The ensemble of Versailles, located 22 kilometers southwest of Paris, covers a huge territory, including vast parks with various structures, swimming pools, canals, fountains and the main building - the building of the palace itself. The construction of the Versailles ensemble (the main work was carried out from 1661 to 1700) cost enormous amounts of money and required the hard work of a huge number of craftsmen and artists of various specialties. The entire territory of the park was leveled, and the villages located there were demolished. With the help of special hydraulic devices, a complex system of fountains was created in this area, to feed which very large pools and canals for that time were built. The palace was decorated with great luxury, using valuable materials, richly decorated with sculptural works, paintings, etc. Versailles became a household name for a magnificent palace residence.
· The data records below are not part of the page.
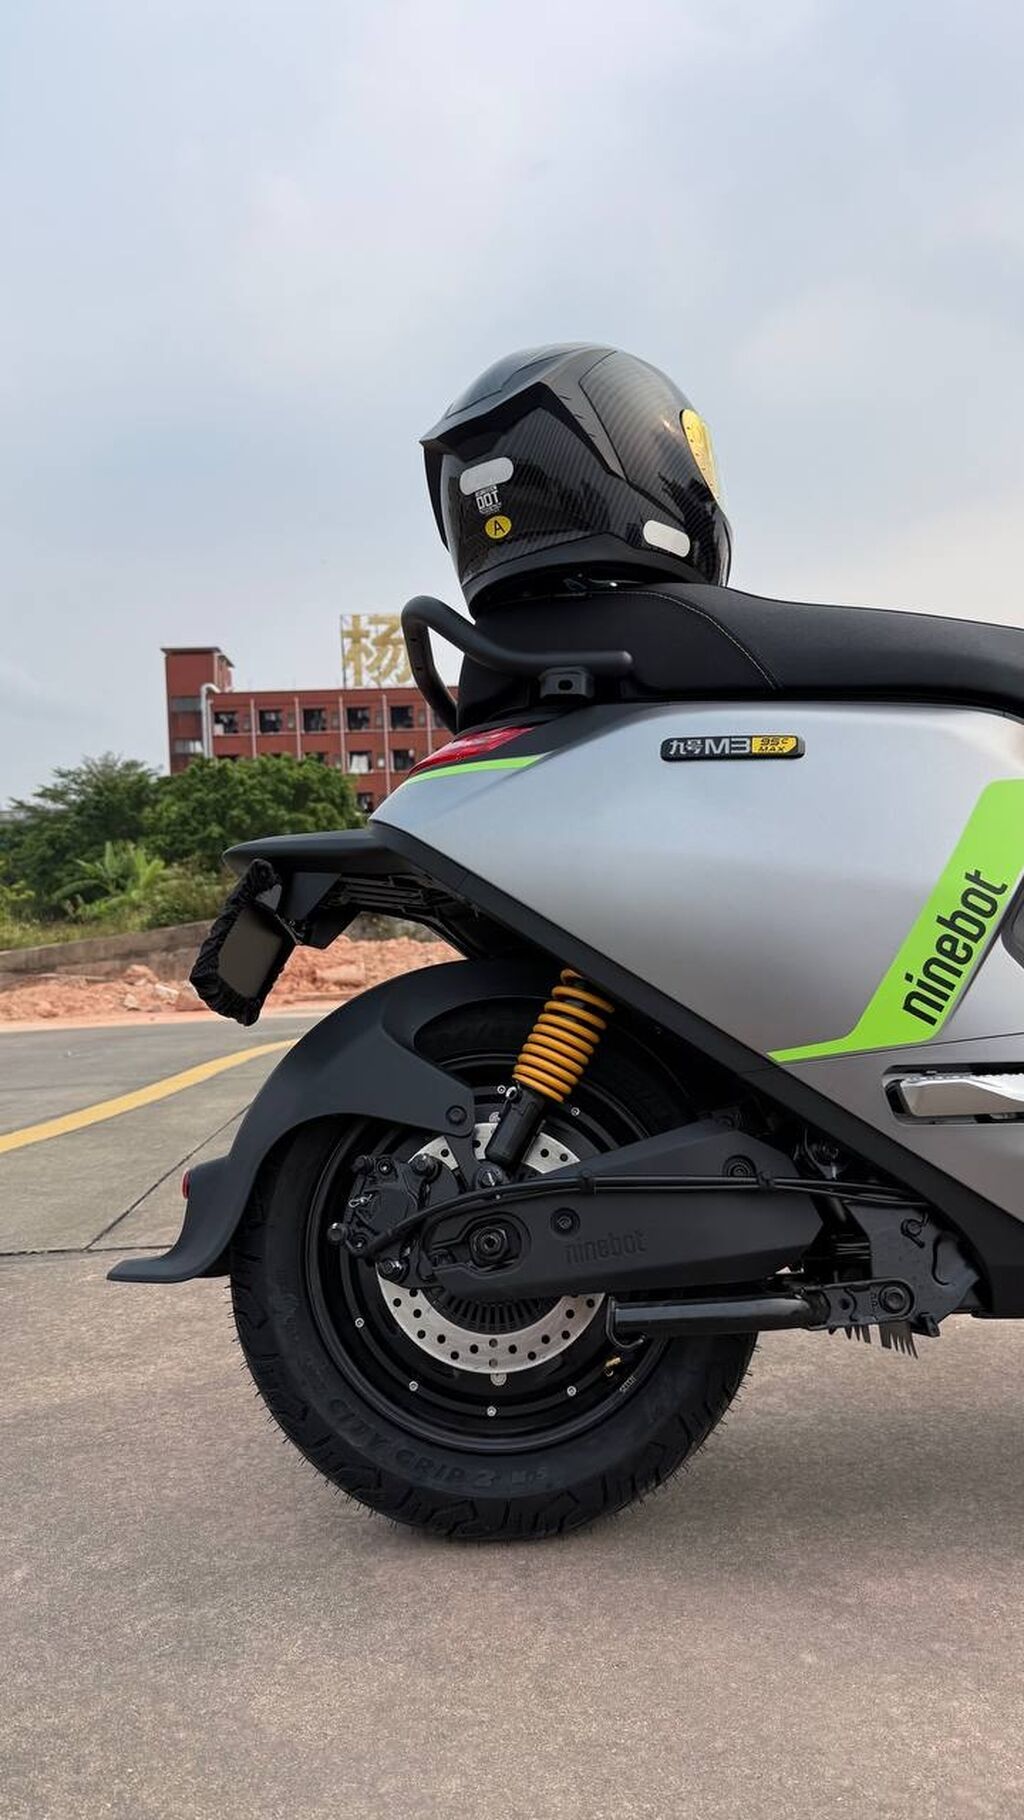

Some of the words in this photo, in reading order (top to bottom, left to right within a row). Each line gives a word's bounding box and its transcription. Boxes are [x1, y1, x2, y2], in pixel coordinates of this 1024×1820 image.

[476, 490, 499, 510] DOT
[494, 520, 506, 536] A
[902, 869, 1008, 1027] ninebot
[565, 1230, 646, 1264] ninebot
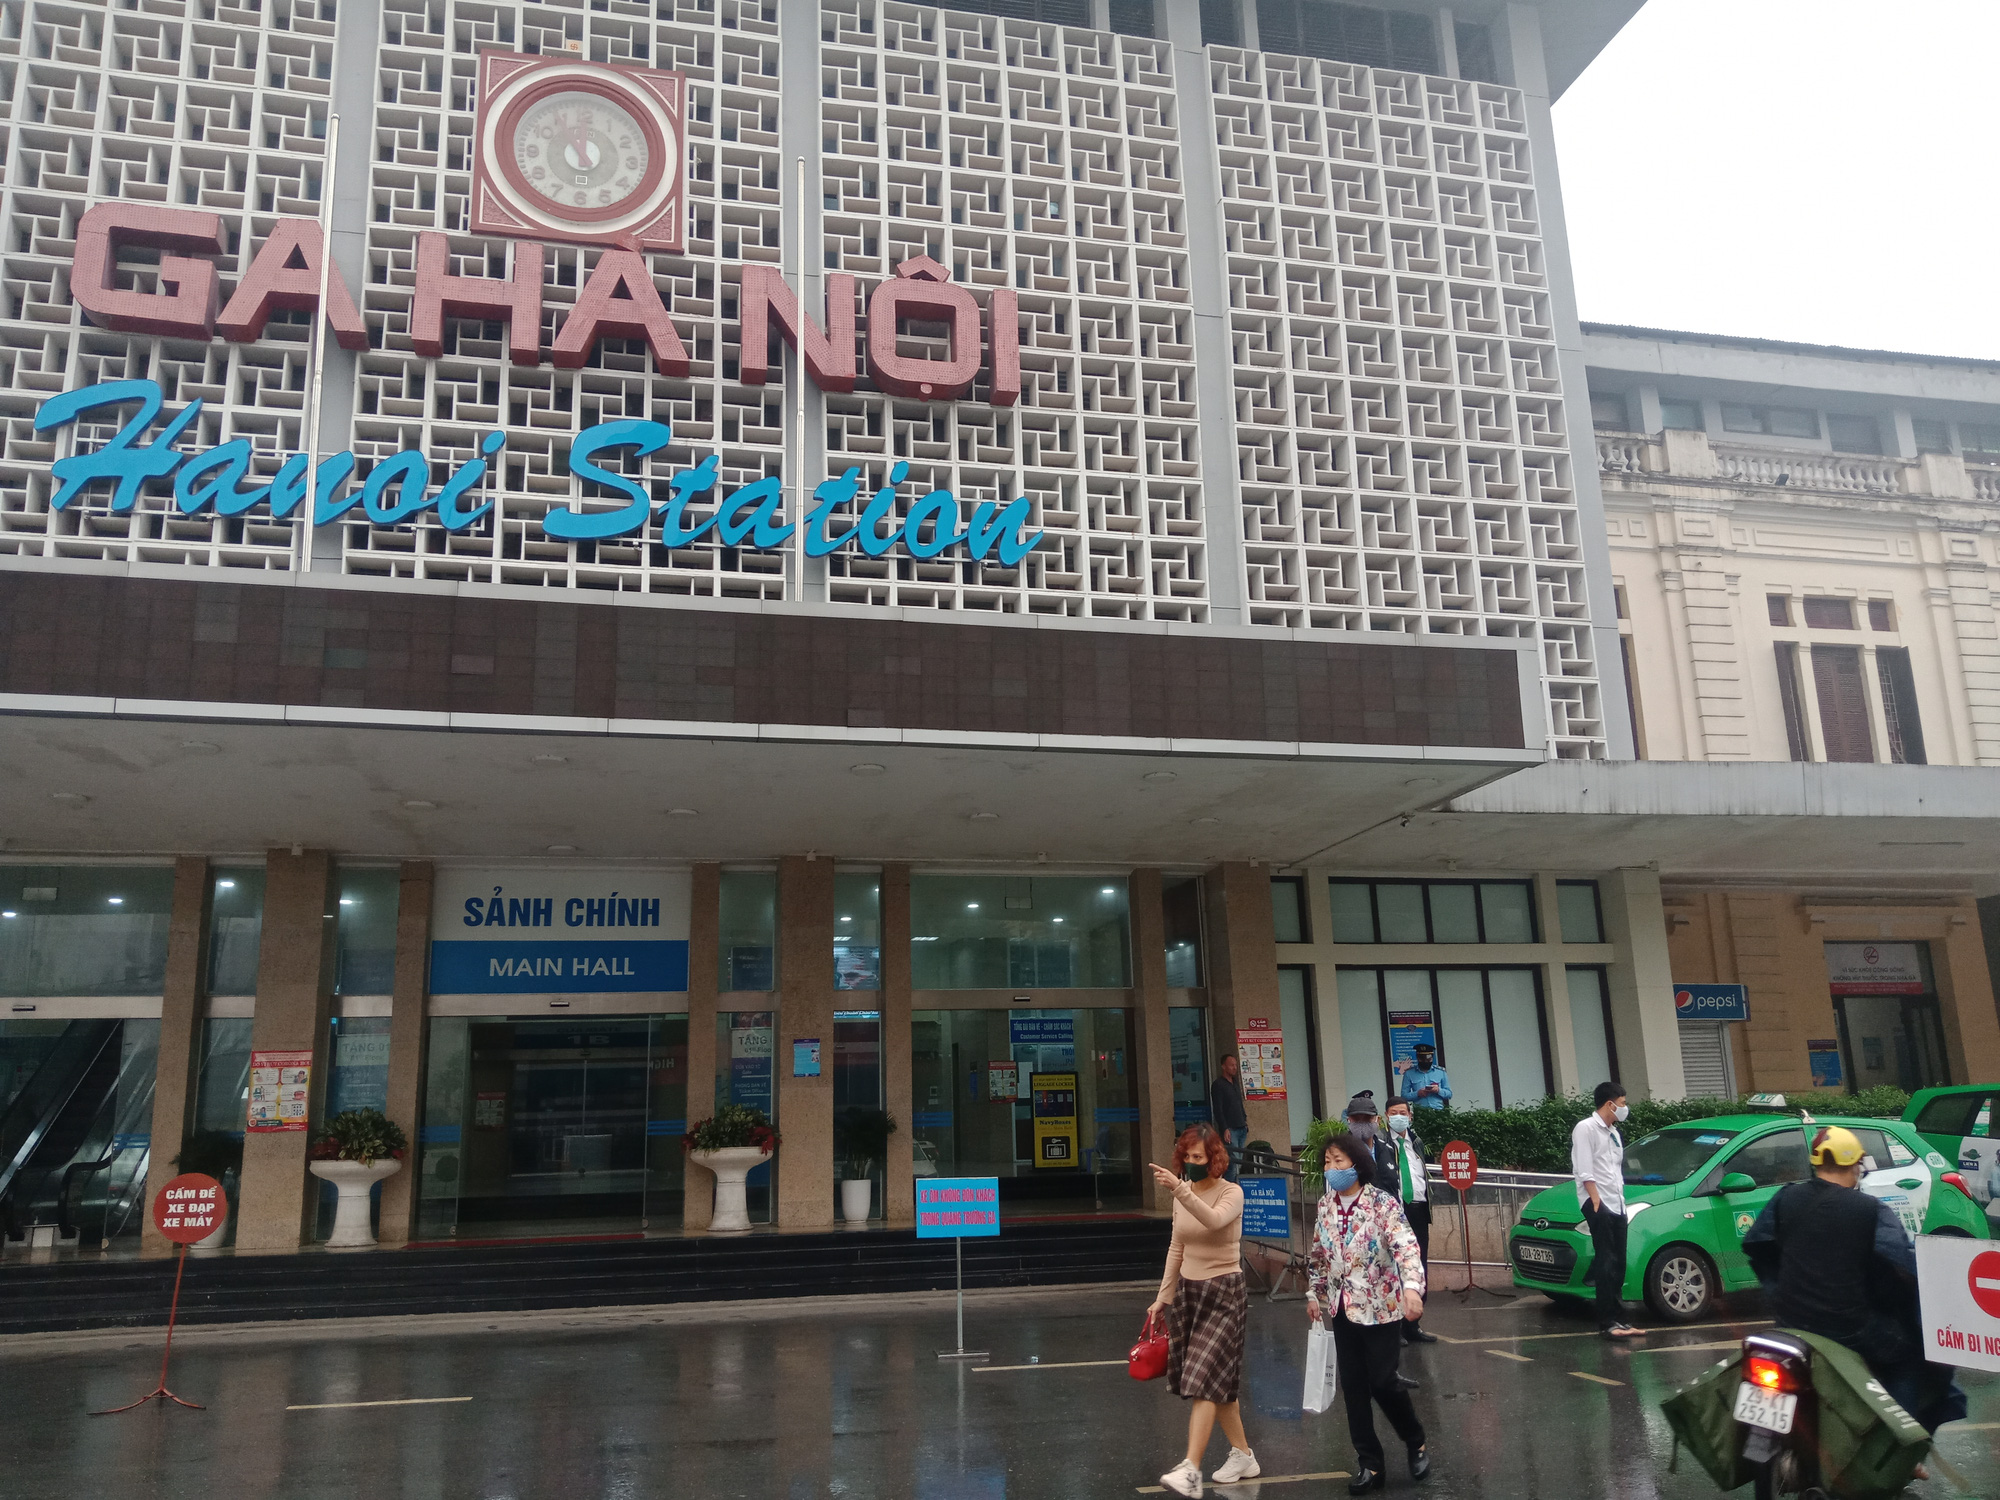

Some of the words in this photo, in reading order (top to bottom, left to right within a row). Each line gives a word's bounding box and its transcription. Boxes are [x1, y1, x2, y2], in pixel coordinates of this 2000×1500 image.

[70, 201, 371, 352] GA
[411, 231, 690, 378] HÀ
[740, 253, 1021, 407] NỘI
[33, 378, 506, 533] Hanoi
[542, 419, 1043, 568] Station
[463, 886, 553, 927] SẢNH
[564, 891, 661, 927] CHÍNH
[489, 957, 563, 977] MAIN
[572, 957, 635, 976] HALL
[1697, 994, 1736, 1010] pepsi
[1447, 1150, 1460, 1160] CẤM
[166, 1187, 196, 1199] CẤM
[199, 1186, 218, 1198] ĐỂ
[167, 1204, 185, 1213] XE
[188, 1203, 215, 1214] ĐẠP
[163, 1218, 180, 1227] XE
[184, 1215, 213, 1227] MÁY
[1937, 1324, 1964, 1350] CẤM
[1968, 1333, 1981, 1353] ĐI
[1739, 1403, 1788, 1430] 252.15
The main works at Versailles were carried out by the architect Louis Leveau, the horticultural planner André Le Nôtre and the painter Charles Lebrun.
The work to expand Versailles constituted the final stage of Levo's activity. Back in the 1620s, a small hunting castle was built in Versailles. Louis XIV planned to create a large palace on the basis of this building, surrounded by a vast beautiful park. The new royal residence had to match the grandeur of the “Sun King” in its size and its architecture.
Levo rebuilt the old castle of Louis XIII on three external sides with new buildings, which formed the main core of the palace. As a result of the reconstruction, the palace increased several times.

The facade of the palace from the side of Levo Park was decorated with Ionic columns and pilasters located on the second - main floor. The wall of the first floor, covered with rustication (imitation of rough stonework), was interpreted in the form of a pedestal, serving as the basis for the order. Levo considered the third floor as an attic crowning the same order. The facade ended with a parapet with fittings. The roofs, usually very high in French architecture, were made low here and completely hidden behind the parapet.
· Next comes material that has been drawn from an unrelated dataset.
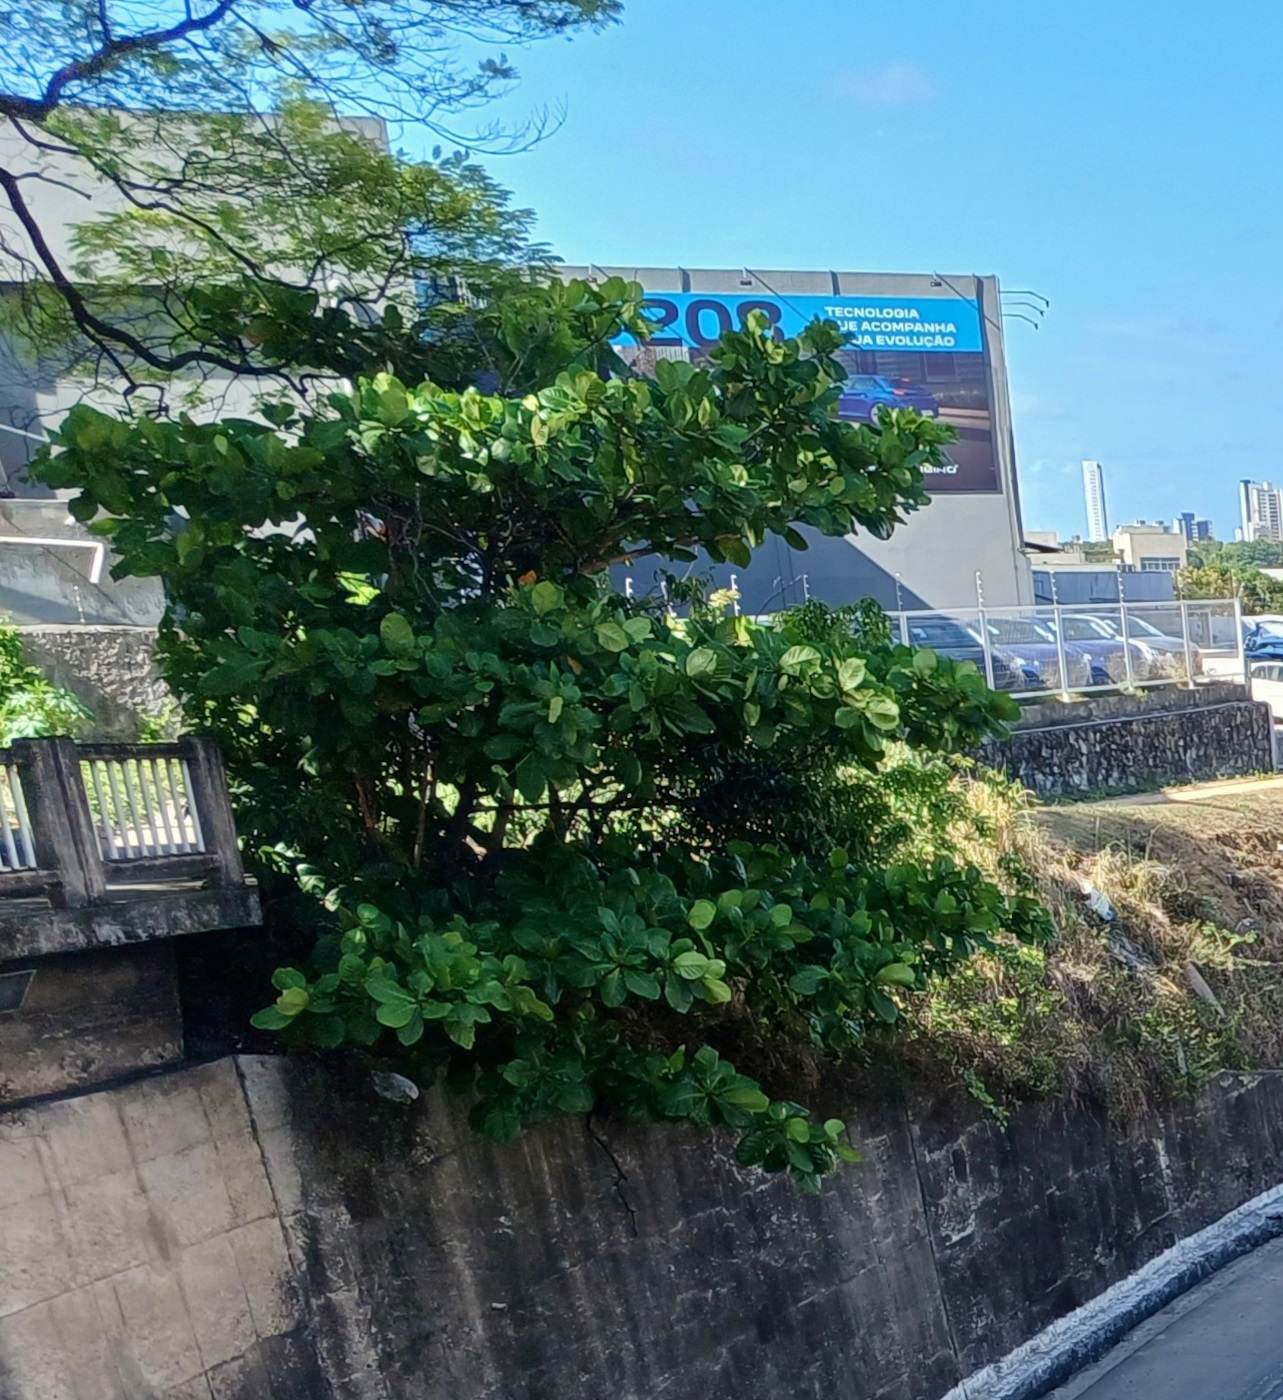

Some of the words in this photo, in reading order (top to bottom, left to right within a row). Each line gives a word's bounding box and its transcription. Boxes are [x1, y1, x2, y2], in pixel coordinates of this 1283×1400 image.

The next period in the history of Versailles is associated with the name of the largest architect of the second half of the 17th century - Jules Hardouin Mansart (1646-1708), who led the further expansion of the palace from 1678. J. Hardouin Mansart the Younger significantly changes the park facade of the palace by constructing the famous “Mirror Gallery”.

The main room of the palace - the Mirror Gallery - occupies almost the entire width of the central part of the structure (length 73 m, width - 10.3 m, height - 12.8 m). 7 large arched windows on the outer wall correspond to 7 similar shaped mirrors on the opposite wall.

The walls, columns, pilasters are decorated with multi-colored marble, the capitals and bases of the pilasters and numerous reliefs on the walls are made of gilded bronze. The vaulted ceiling is completely covered with paintings in a magnificent gilded stucco frame by Charles Lebrun. The subjects of these pictorial compositions are dedicated to the allegorical glorification of the French monarchy and its head, the king.